There are laws and regulations in every country articulating what is considered “private data.” Personally identifiable information (PII) is defined as “information that can be used to distinguish or trace an individual’s identity (e.g., name, social security number, biometric records) alone or combined with other personal or identifying information linked or linkable to a specific individual, such as date and place of birth or mother’s maiden name.”
PII has strict requirements in how it should be managed and shared, and who can (or can’t) see it. Although the laws and regulations may lag technology’s capability, they still need to be followed.
But what about the “creep” factor of using PII?
“In the Information Age, everybody leaves a digital trail,” states a Wikihow article. “And if the person doesn’t have one, well, let’s look harder. With Google, Facebook, Tumblr, LinkedIn, and countless other social media sites, whoever you’re looking for is bound to have some of their personal information online. Although sometimes creepy, it’s easy to follow this trail all the way back to the person you’ve been looking for.”
That goes well beyond creepy to downright scary.

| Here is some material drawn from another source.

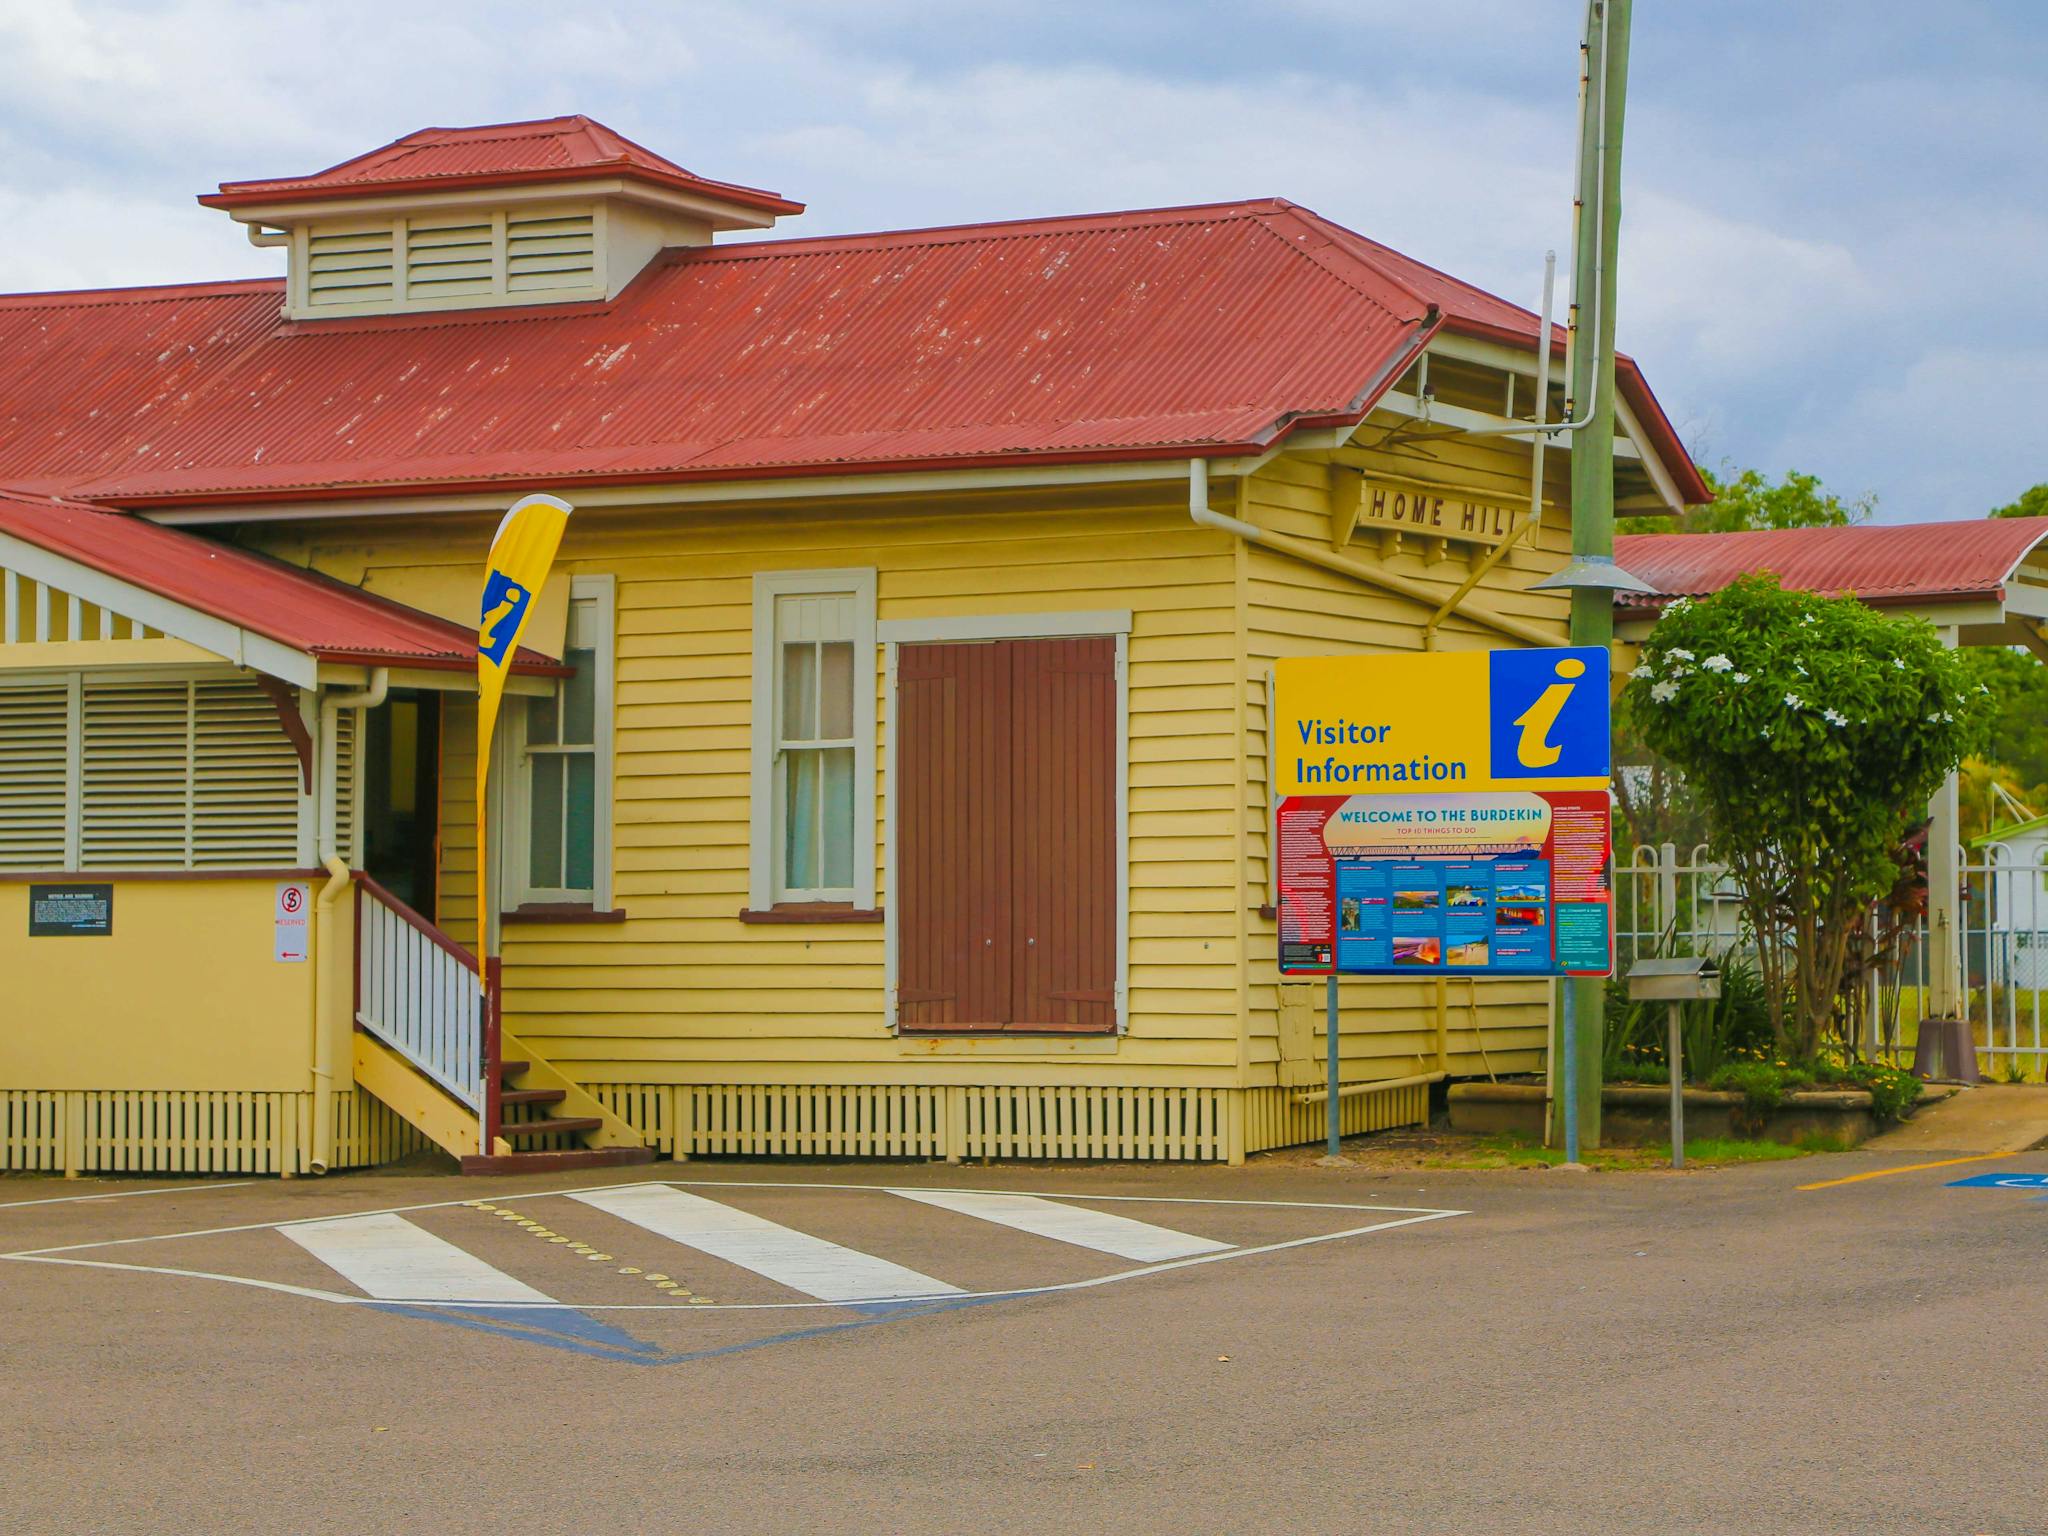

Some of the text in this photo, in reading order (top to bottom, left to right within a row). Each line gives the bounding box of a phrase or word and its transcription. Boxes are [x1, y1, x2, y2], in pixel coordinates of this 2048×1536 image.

I know many people who happily share a lot of information that I’d consider personal and private on Facebook, Tumblr, and Pinterest, and via Twitter, Instagram and Snapchat. They thoroughly enjoy the reach and actively look to distribute that information far and wide.
Users must look a little harder at what they are sharing and really decide whether sharing information that can lead to the identification of yourself, your children, your home address, your car, and the last place you visited on holiday is worth the “likes” you may receive.
Private Information Made Public
This is the concern in our social age: private information that’s happily shared by others. I hope we are moving into “self-managed” or “self-governed” personal data. There are few guidelines available beyond the laws and regulations to direct how a company or a person treats information that is outside the scope of the law, so it leaves the individual to be accountable to share or manage his or her own data based on their individual preferences.
Unfortunately, we are not always clear when we provide information that is going to be used in a manner in which we may not approve.
When we provide credit card information to be saved within a website, we understand the risk of that site getting hacked. Cookies, tags, and pixel trackers can follow you around the Internet and track what sites and pages you visit most commonly, and deduce what we like, what we buy, where we go, and other behavioral information that we don’t explicitly provide.
In many cases, we just assume this is happening so that Amazon’s recommendation engine is accurate and the ads presented to us are at in line with our tastes and desires. Most people have accepted that as the cost of using the Internet.
But what happens when the Internet is embedded into our cars, our homes, our televisions, our refrigerators, and even our bodies through wireless pacemakers? Are we recognizing that when we turn on the car to drive to the store, our location, and movements are potentially always tracked? Did we authorize that use of our data?
Understanding Secondary Use of Data
All the examples above are primary sources of personal information. When the companies that gather the information above share that information with their partners, it becomes secondary information. We may have opted in to the primary use of our data without realizing we needed to opt out from the secondary use of data.
Often, proactive disclosure to secondary partners (i.e., notice and consent) around the use of that information to in a timely and regular way is not made clear to the individual. Worse, that information can potentially be shared again, and so on. This is why Alex “Sandy” Pentland created the New Deal on Data that aims to “rebalances the ownership of data in favor of the individual whose data is collected.”
All of this information and discussion has been around for a while, so why are we still talking about this now?
Stewards of Data
As we continue to build out best-practices in data governance and data management, we need to maintain the viewpoint that—when we are dealing with customer data—it really isn’t our data. Yes, it is a best-practice to define data owners in an organization and make their role and accountabilities clear. But in reality, we are all just stewards of the information owned by our customers.
When we create new policies and standards, whether in regards to using data sharing or determining primary addresses, the decisions need to be made from the eye of the customer, not just the eye of how the company wants to use the data.
For example, we have one client that tests his data governance and data management decisions on a segment of customers who are also employees because some of the people making those data decisions would be affecting the way their own information is consumed and shared within their company. That is a wonderful approach. As they are deciding where their own company draws the line between creepy and appropriate, they are considering how they themselves would feel as the recipient of the interaction by the company.
The connection among the customer experience, data-governance process, and data decision makers is tightly linked to ensure that the interests of the true data owners are always placed first.